The U.S. Navy set a goal in 2016 of growing the fleet to 355 warships, a big jump from the current fleet size of 287 ships. Experts, however, say the goal is unrealistic in the absence of a significantly bigger Navy budget. In October, the Congressional Budget Office said that if the Navy sticks to its current shipbuilding and retirement plans, “it would not meet its goal of 355 ships at any time over the next 30 years.”
On top of the budgetary constraints, the goal of a bigger fleet is in conflict with the National Defense Strategy released just over a year ago, says Todd Harrison, the director of defense budget analysis at the Center for Strategic and International Studies. The new strategy emphasizes great-power competition with China and Russia, calling for a different mix of naval warfare capabilities, including more large – and expensive – surface combatants. That means the Navy shipbuilding budget will cover fewer ships overall. “Fully implementing the National Defense Strategy means you’ll need tradeoffs,” Harrison said last week. “Things have to go. The 355-ship Navy is out the window if you want to implement the plan.”

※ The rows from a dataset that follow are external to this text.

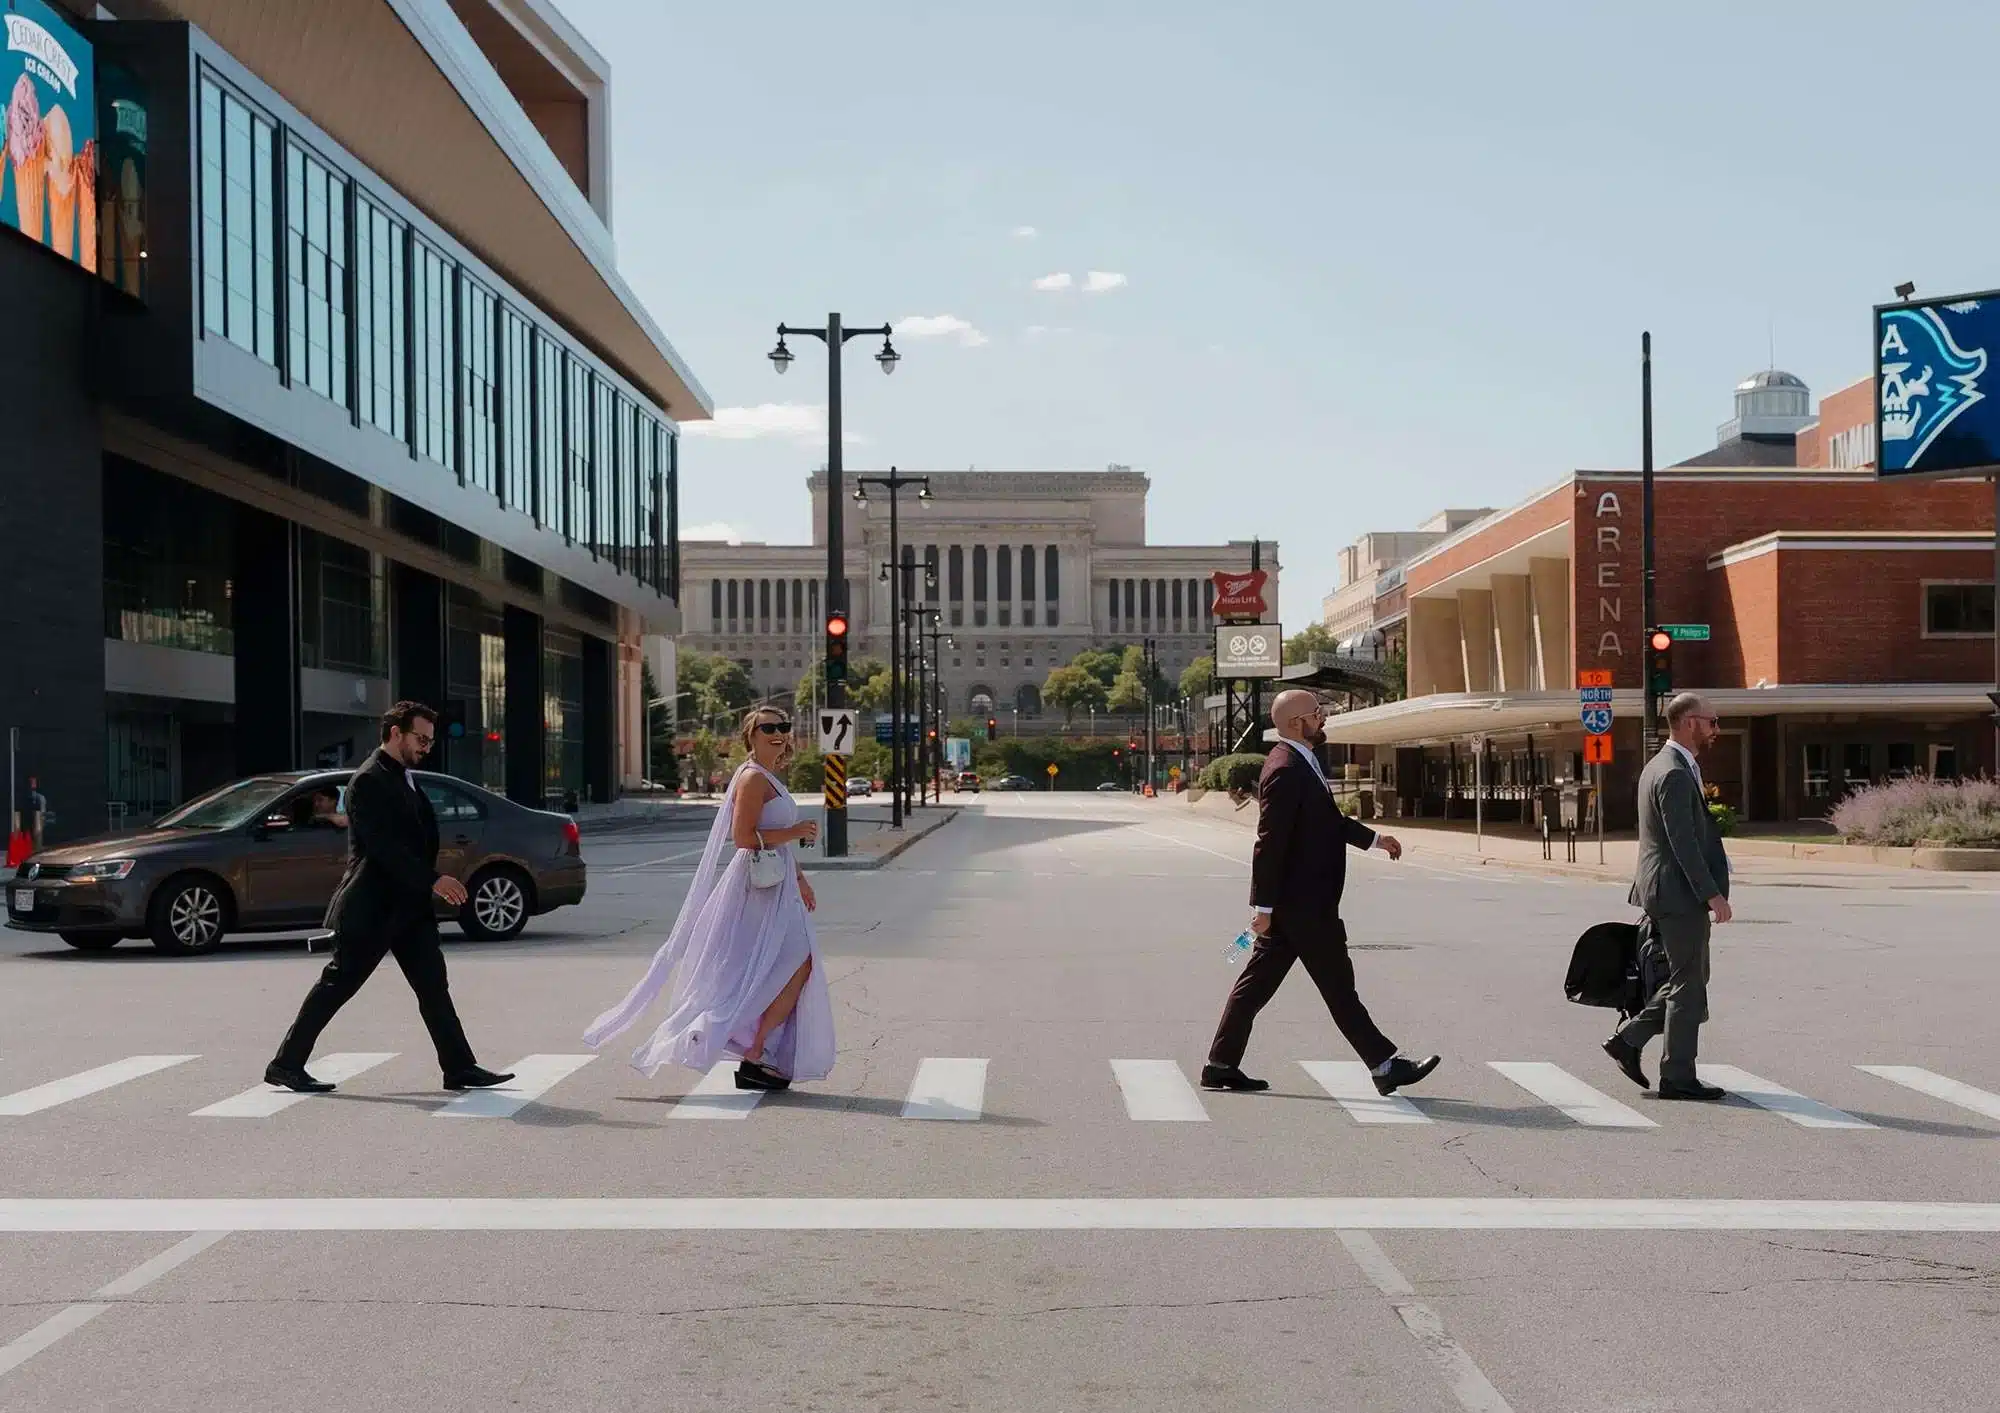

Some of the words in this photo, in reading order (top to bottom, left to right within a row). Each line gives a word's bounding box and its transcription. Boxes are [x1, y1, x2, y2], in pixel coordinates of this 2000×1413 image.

[12, 20, 42, 52] CEDAR
[44, 38, 71, 83] CREST
[25, 56, 37, 74] ICE
[37, 63, 60, 94] CREAM
[1596, 491, 1622, 657] ARENA
[1241, 595, 1257, 604] LIFE
[1582, 689, 1611, 700] NORTH
[1584, 710, 1610, 728] 43

Speaking to reporters last week at the Pentagon, Adm. John Richardson, the chief of naval operations, said, “In light of the new National Defense Strategy and changes in the security environment since that was put out, we’re doing a new force structure assessment.”
One possibility, Richardson said, is that the fleet continues to grow, but to fewer than 355 ships. Another possibility is to redefine what a combat ship is. Currently, unmanned ships don’t count. But as the Navy continues to experiment with unmanned ships, including submarines, that definition may change.